» What is needed: Every entry is to be copied exactly as written, and the pictures are to be skipped.

» Exercise materials:
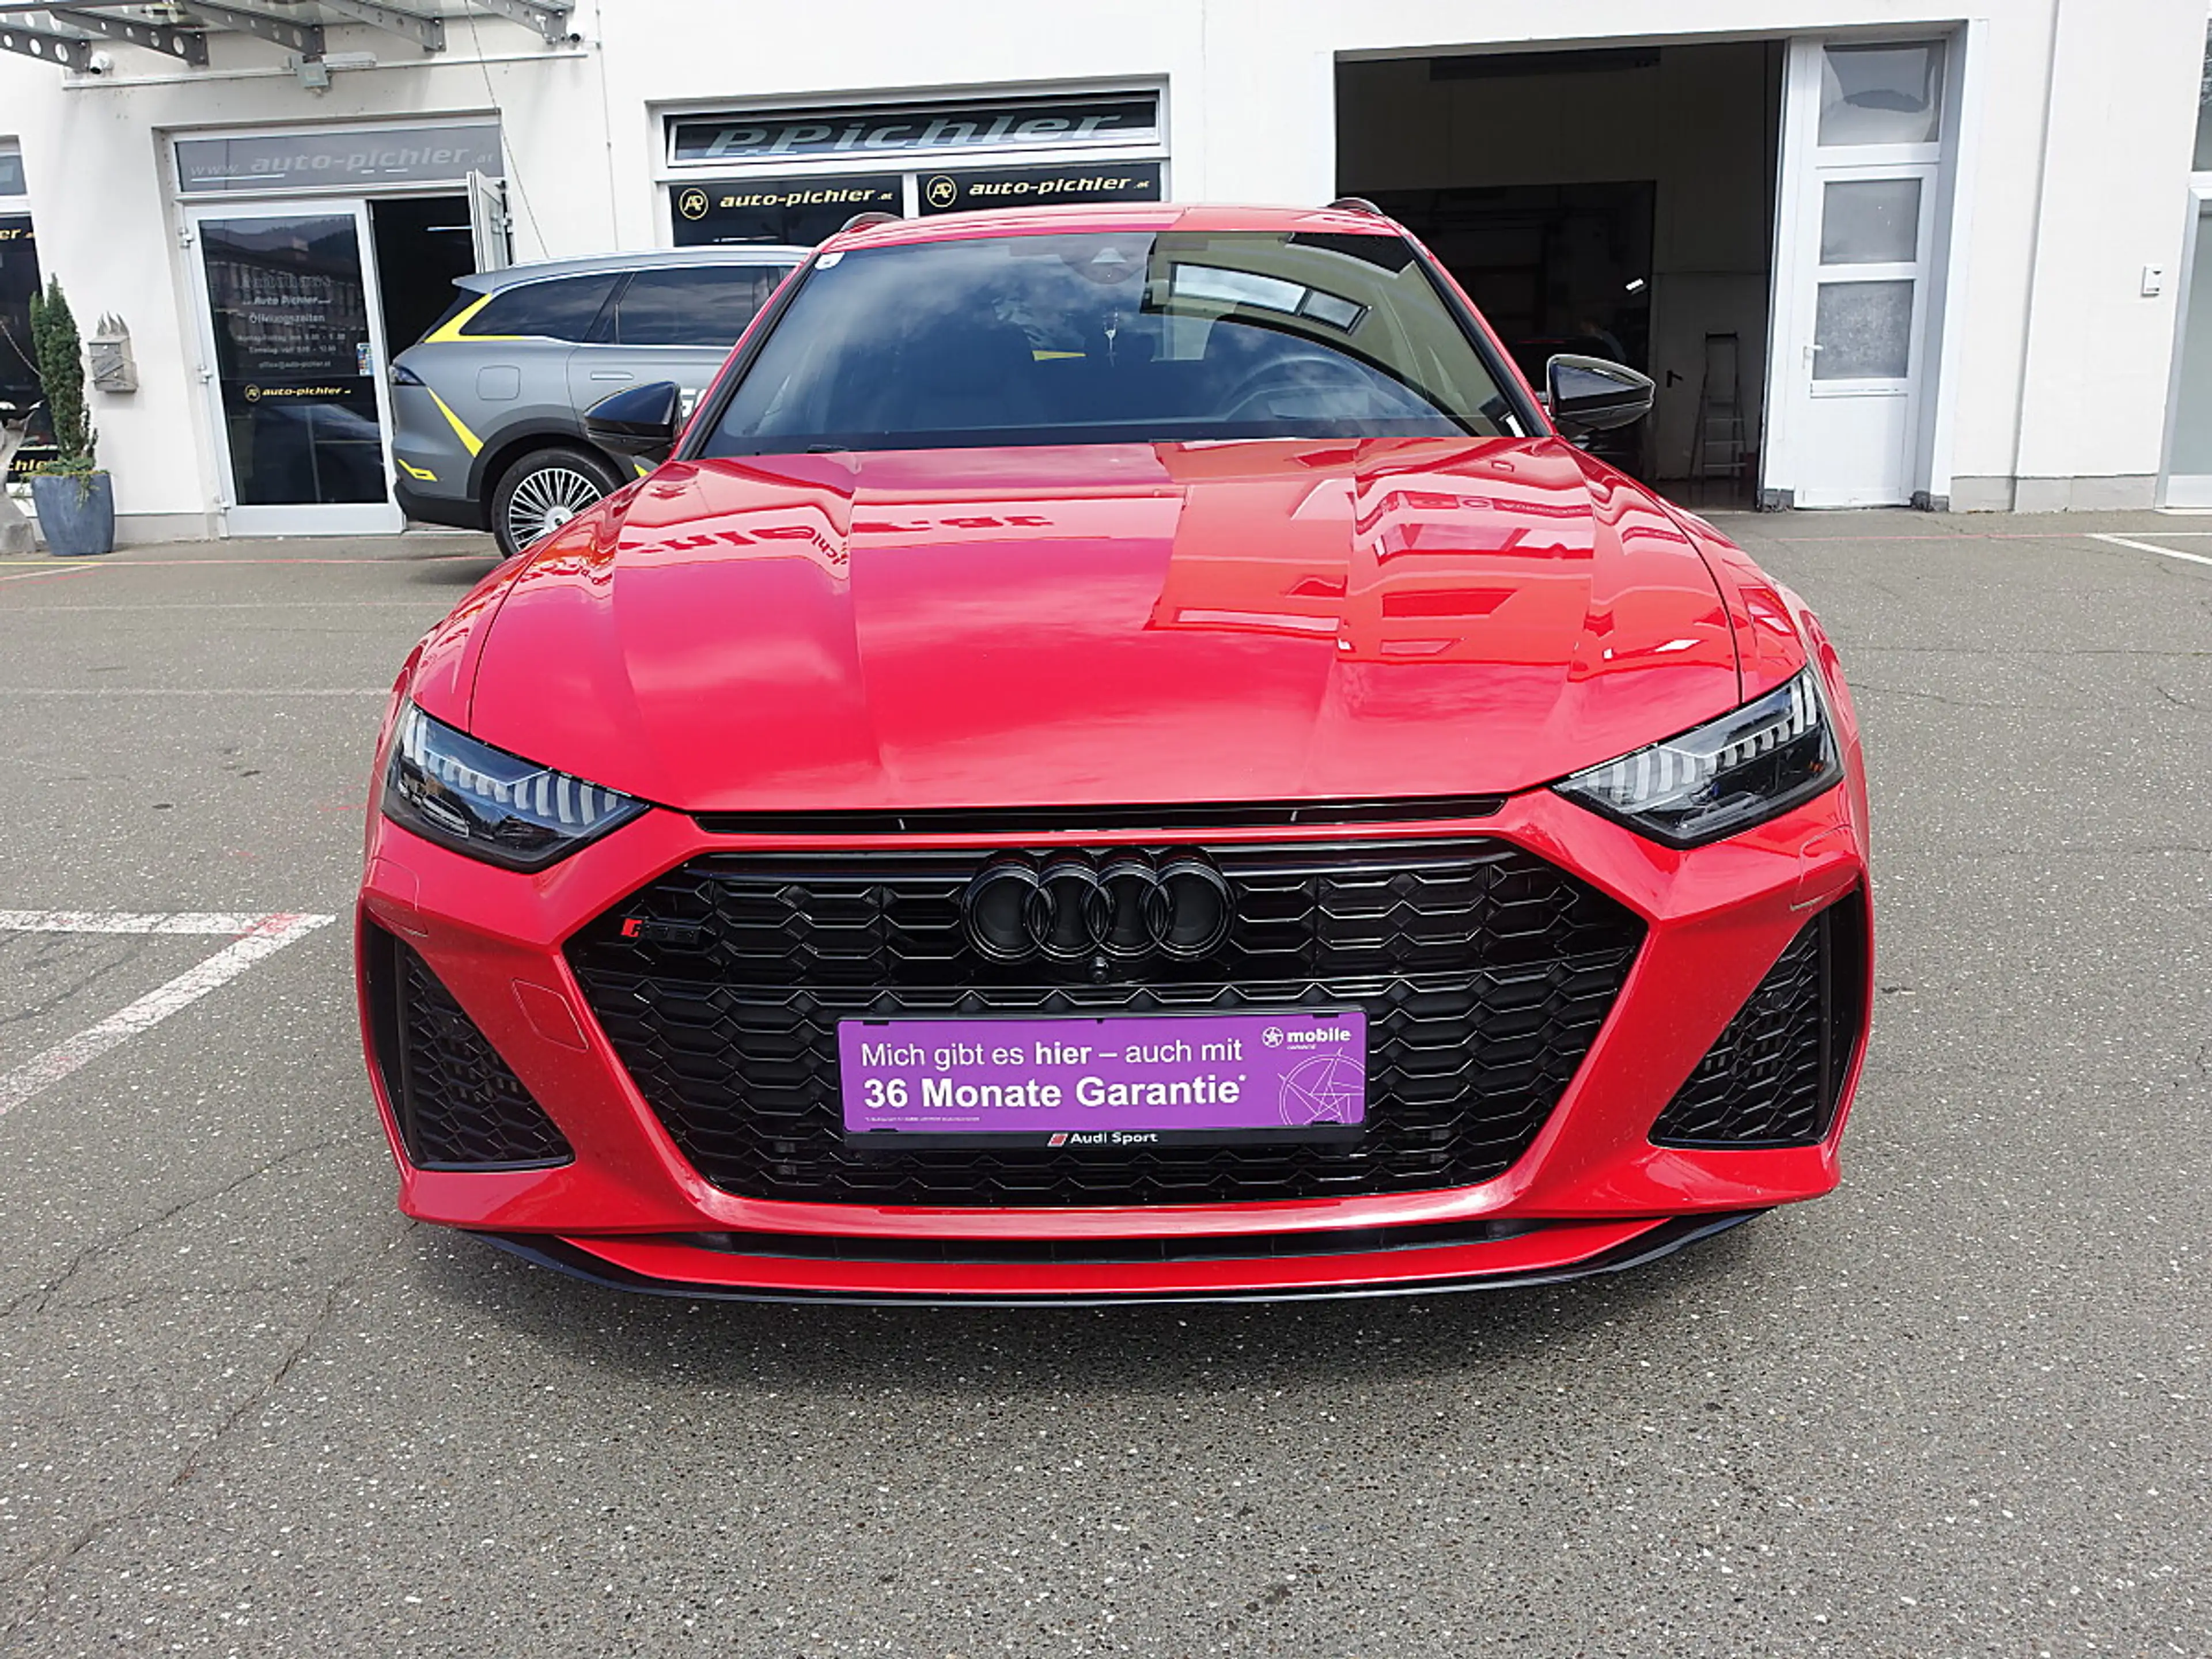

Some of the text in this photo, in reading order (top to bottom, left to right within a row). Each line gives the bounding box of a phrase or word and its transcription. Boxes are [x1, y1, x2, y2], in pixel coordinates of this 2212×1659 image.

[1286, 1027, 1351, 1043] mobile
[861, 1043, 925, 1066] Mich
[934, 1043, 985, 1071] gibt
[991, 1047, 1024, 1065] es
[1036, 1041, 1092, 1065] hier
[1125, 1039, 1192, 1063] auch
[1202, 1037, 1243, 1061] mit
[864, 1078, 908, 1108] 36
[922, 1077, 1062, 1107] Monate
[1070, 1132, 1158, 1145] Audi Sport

» Final answer:
Some of the text in this photo, in reading order (top to bottom, left to right within a row). Each line gives the bounding box of a phrase or word and its transcription. Boxes are [x1, y1, x2, y2], in pixel coordinates of this 2212×1659 image.

[1286, 1027, 1351, 1043] mobile
[861, 1043, 925, 1066] Mich
[934, 1043, 985, 1071] gibt
[991, 1047, 1024, 1065] es
[1036, 1041, 1092, 1065] hier
[1125, 1039, 1192, 1063] auch
[1202, 1037, 1243, 1061] mit
[864, 1078, 908, 1108] 36
[922, 1077, 1062, 1107] Monate
[1070, 1132, 1158, 1145] Audi Sport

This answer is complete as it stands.